(Stored data entries)
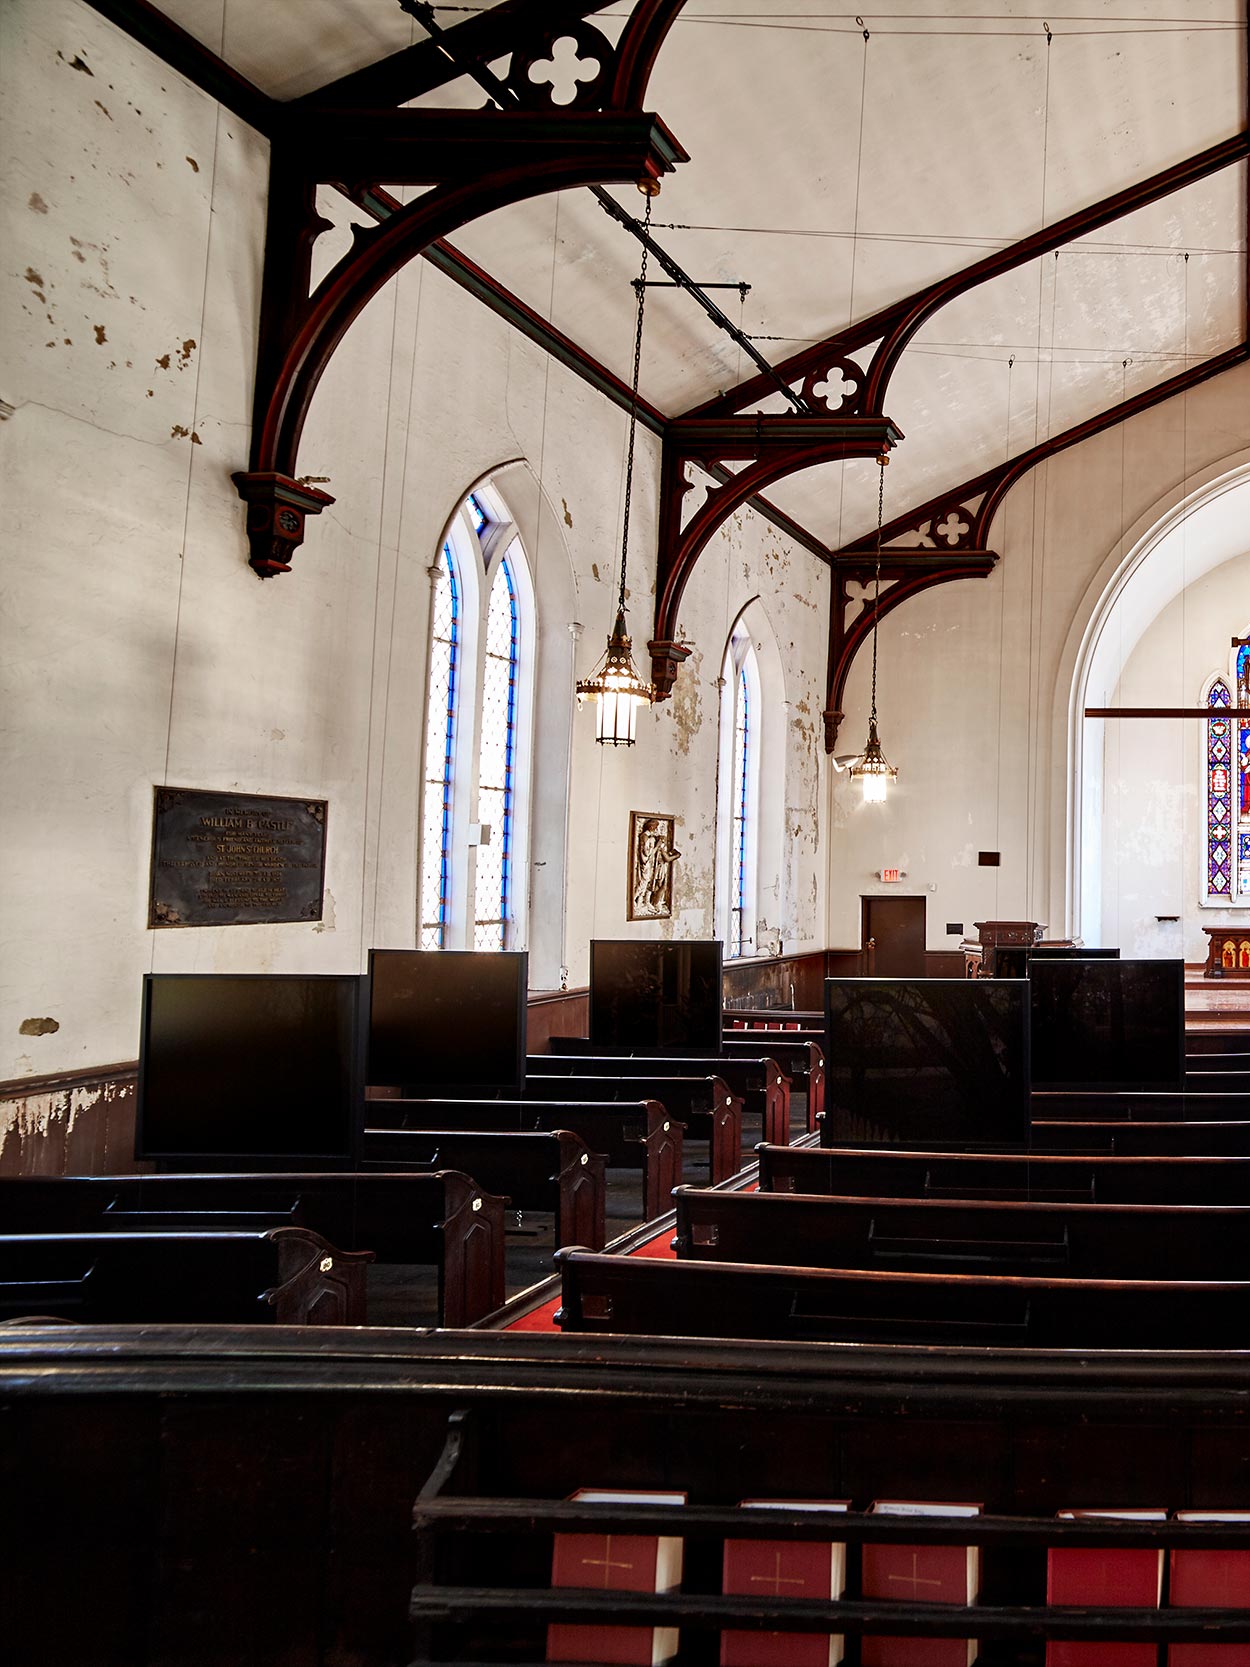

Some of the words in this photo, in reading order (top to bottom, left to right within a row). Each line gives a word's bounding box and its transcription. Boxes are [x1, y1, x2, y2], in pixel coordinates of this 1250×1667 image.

[201, 817, 242, 828] WILLIAM
[257, 819, 293, 831] CASTLE
[253, 846, 280, 854] CHURCH
[884, 869, 899, 881] EXIT
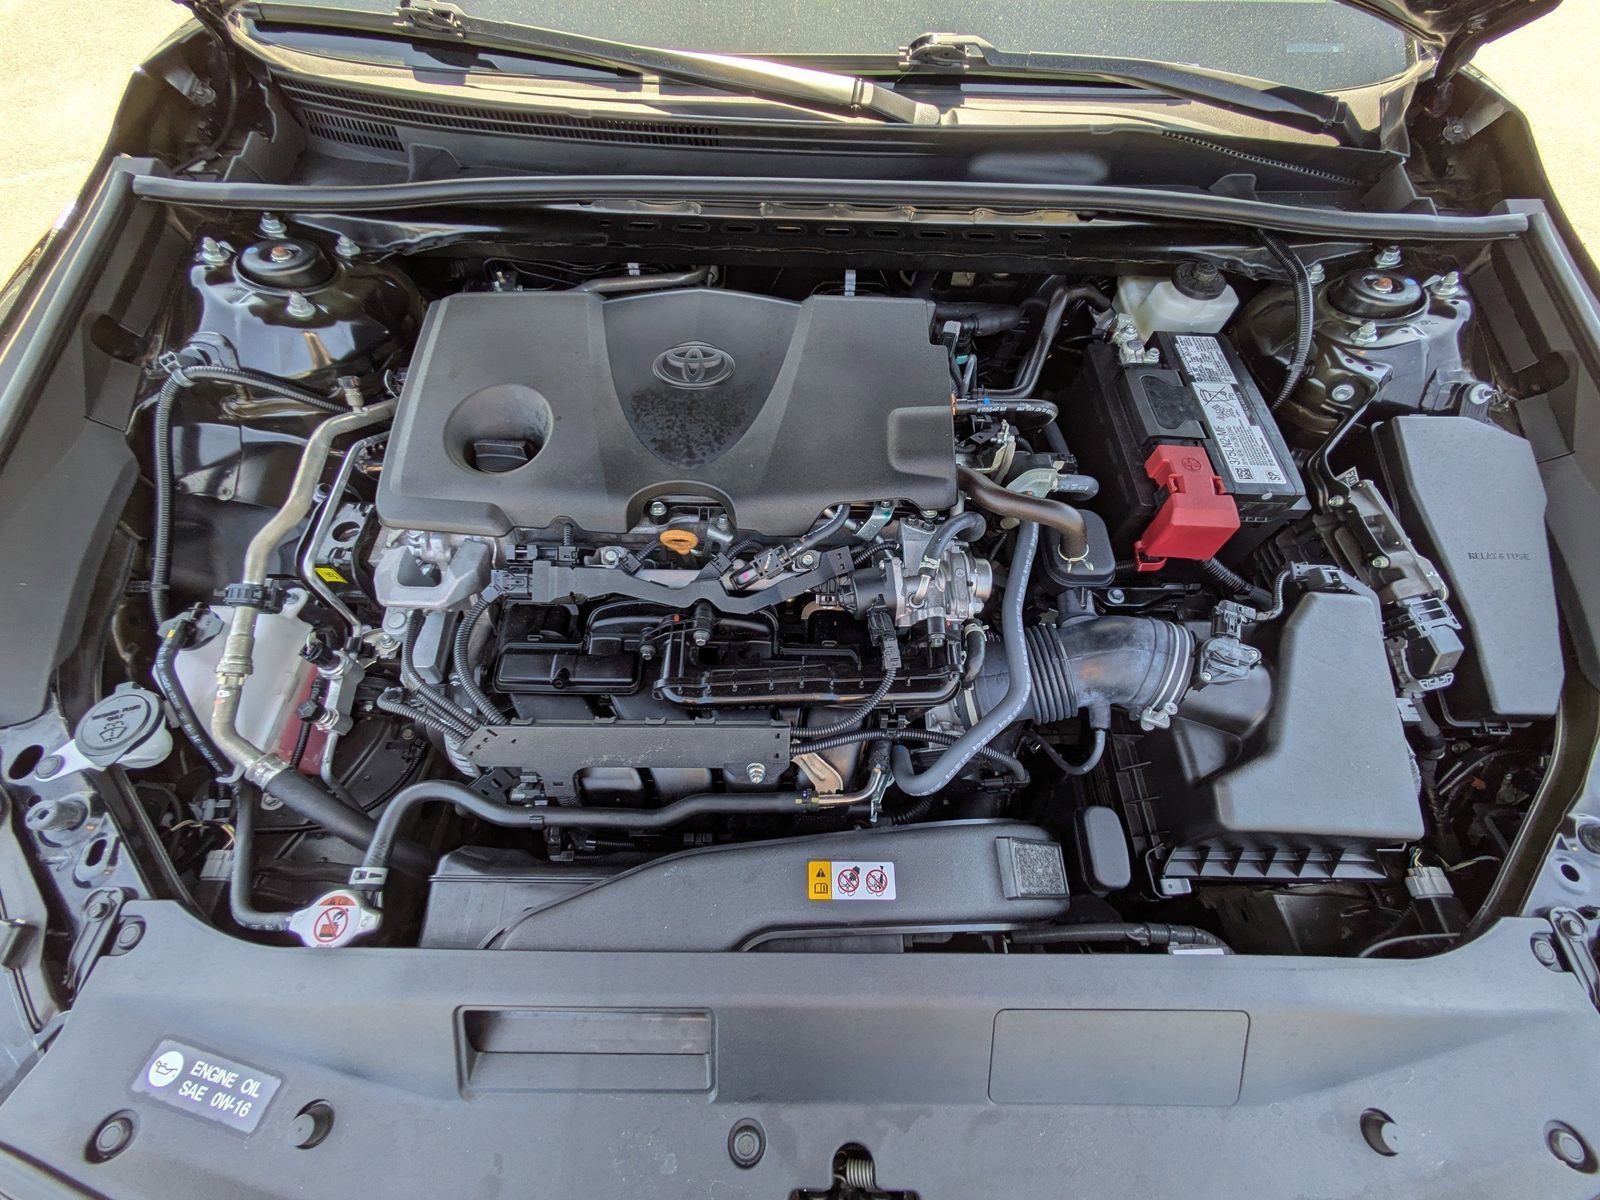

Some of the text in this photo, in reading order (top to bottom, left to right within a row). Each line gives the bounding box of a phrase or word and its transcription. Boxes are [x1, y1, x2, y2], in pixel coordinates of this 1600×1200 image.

• [Requirement]:
Take the entries shown above and quote them verbatim, passing over the pictures.

• [Problem solution]:
Some of the words in this photo, in reading order (top to bottom, left to right within a row). Each line gives a word's bounding box and its transcription. Boxes are [x1, y1, x2, y2], in pixel coordinates of this 1250×1667 image.

[201, 817, 242, 828] WILLIAM
[257, 819, 293, 831] CASTLE
[253, 846, 280, 854] CHURCH
[884, 869, 899, 881] EXIT

Some of the text in this photo, in reading order (top to bottom, left to right within a row). Each line gives the bounding box of a phrase or word and its transcription. Boxes are [x1, y1, x2, y2], in pixel coordinates of this 1600×1200 image.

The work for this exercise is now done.